Les guerres occasionnent des perturbations sur les prix et le commerce. L’Europe l’a éprouvé brusquement en 2022, quand l’invasion russe en Ukraine a provoqué une crise énergétique. Autre exemple, en mer Rouge, les attaques des Houtis ont conduit les compagnies maritimes à dérouter leurs navires, augmentant par là-même le prix du fret. Toute recrudescence des conflits ou, à l’inverse, des perspectives de cessez-le-feu ont un impact significatif sur les prix, notamment énergétiques ou alimentaires.
Par ailleurs, la politique de Donald Trump, en particulier la guerre commerciale féroce qu’il a enclenchée dès son arrivée à la Maison-Blanche, et véritablement déclarée le 2 avril 2025 avec l’annonce des droits de douane « réciproques », est également un facteur majeur de bouleversements, d’autant que les décisions américaines sont extrêmement erratiques. En retour, les pays visés réagissent et imposent des contre-mesures tarifaires sur les importations américaines. Le calendrier et l’ampleur finale de toutes ces mesures sont très incertains, ce qui rend leurs impacts sur l’inflation et l’économie particulièrement difficiles à évaluer. Les coûts supplémentaires seront absorbés par l’exportateur, par l’importateur ou reportés sur le consommateur final selon les produits, le contexte concurrentiel et les marges de manœuvre des acteurs.
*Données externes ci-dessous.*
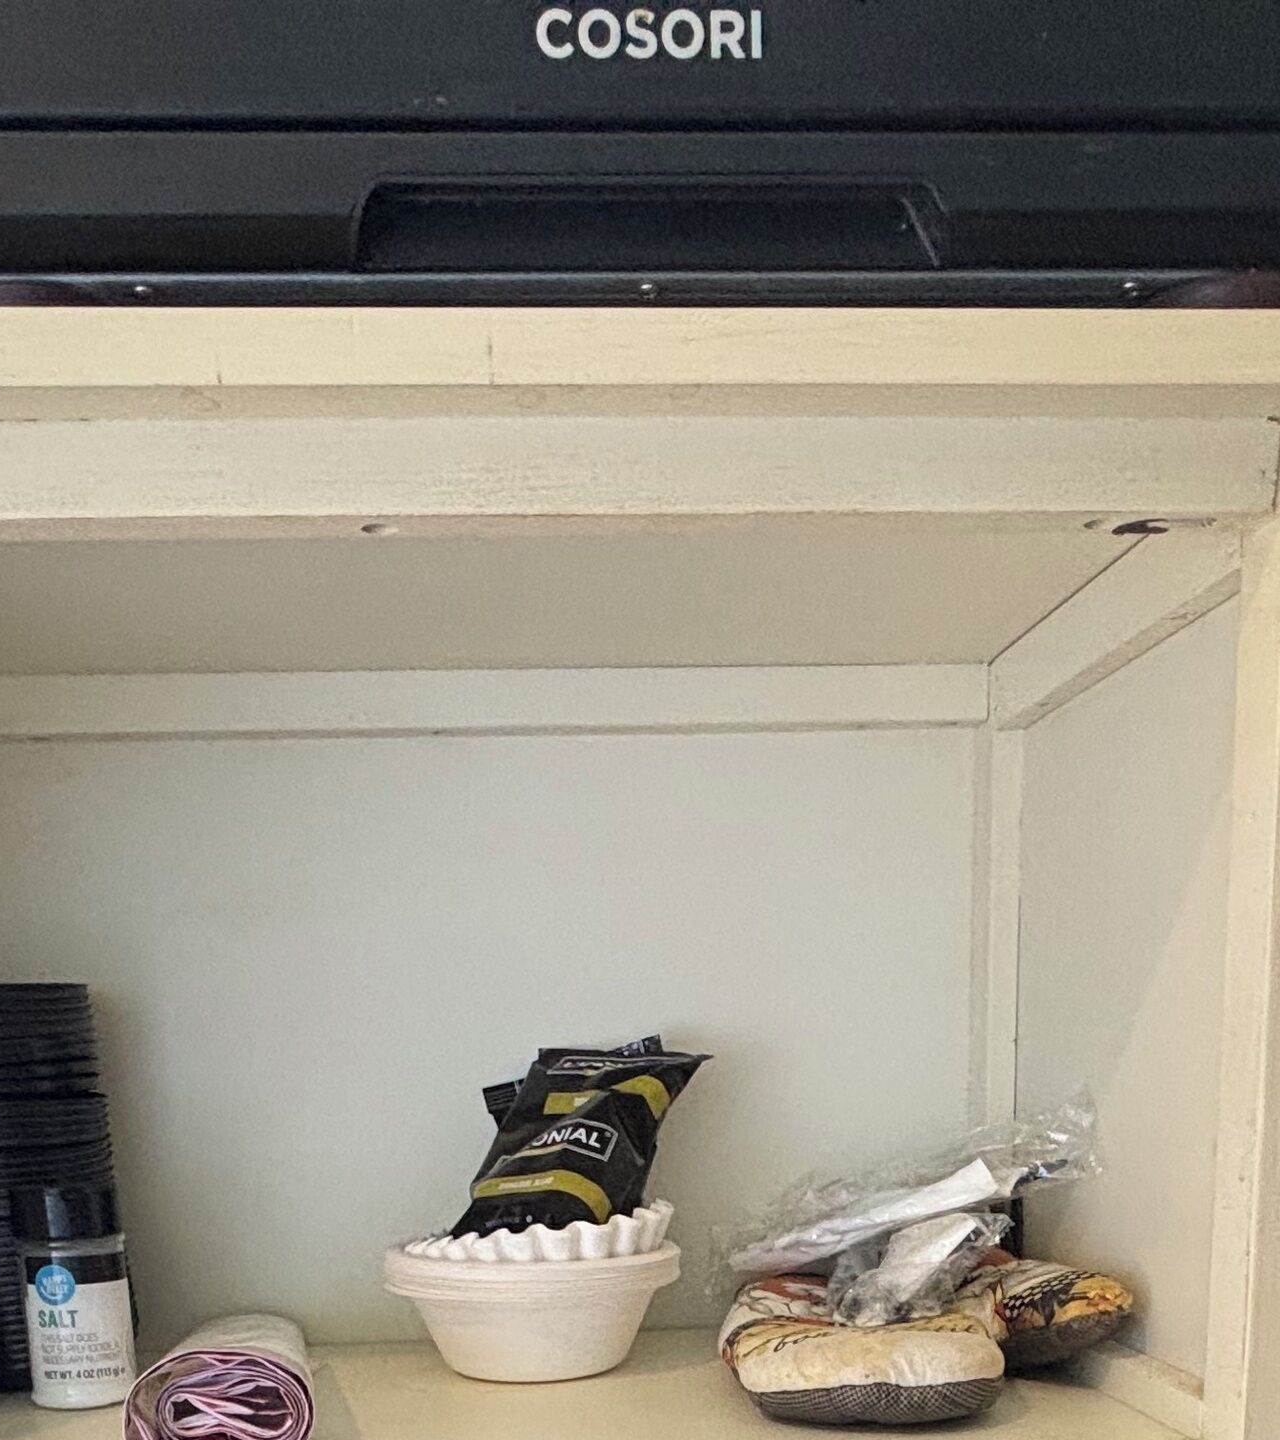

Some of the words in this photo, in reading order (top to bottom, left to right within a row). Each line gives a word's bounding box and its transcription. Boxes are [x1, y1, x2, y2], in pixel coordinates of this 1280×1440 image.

[535, 8, 763, 60] COSORI
[38, 1309, 78, 1328] SALT
[83, 1369, 95, 1379] OZ
Quoi qu’il en soit, cette guerre commerciale devrait entraîner une réduction des échanges, mais aussi une réallocation des flux commerciaux à travers le monde.
L’impact le plus immédiat de cet environnement est l’incertitude particulièrement forte qu’il engendre, incertitude qui peut se révéler délétère pour l’économie, entraînant des comportements d’attentisme et de précaution qui retardent les décisions d’investissement et de consommation.
Enfin, la hausse indispensable des dépenses militaires à laquelle l’Union européenne fait face est à la fois un stimulant potentiel pour l’économie européenne, mais elle complexifie aussi l’équation budgétaire, en particulier pour les pays les plus endettés.
I. J.-B. : Plus que jamais, les perspectives sont conditionnées par la tournure de la géopolitique et de la politique économique américaines. La « prévisibilité » économique est aujourd’hui très réduite, tant le brouillard est épais et les bouleversements profonds.
L’économie américaine a jusqu’à présent bien résisté à la hausse de l’inflation et des taux d’intérêt passée, surprenant régulièrement par ses performances. Mais la politique économique de Donald Trump inquiète les acteurs économiques et pourrait dans un premier temps peser sur la croissance ; la question est de savoir si les probables baisses d’impôts et les mesures de déréglementation annoncées parviendront à compenser ces effets négatifs et à soutenir ultérieurement la croissance.
La Chine met en place des mesures pour dynamiser une consommation très pénalisée par la grave crise immobilière que subit le pays et qui a miné la confiance des ménages. Sur le plan extérieur, le pays est toutefois la première cible de la guerre commerciale américaine et pourrait en pâtir.
En zone euro, la réaccélération de l’économie se profile timidement et la consommation des ménages a redémarré l’été dernier. Néanmoins, la politique de l’administration Trump change la donne. L’impact direct des droits de douane supplémentaires peut être relativement limité, mais le climat d’incertitude qu’il entraîne pourrait retarder la reprise de la consommation et plus encore de l’investissement.
La guerre commerciale massive lancée par Donald Trump va pénaliser l’économie mondiale, perturbant le commerce international et les chaînes d’approvisionnement. Mais tant que le panorama tarifaire n’est pas stabilisé, tout pronostic est très hasardeux.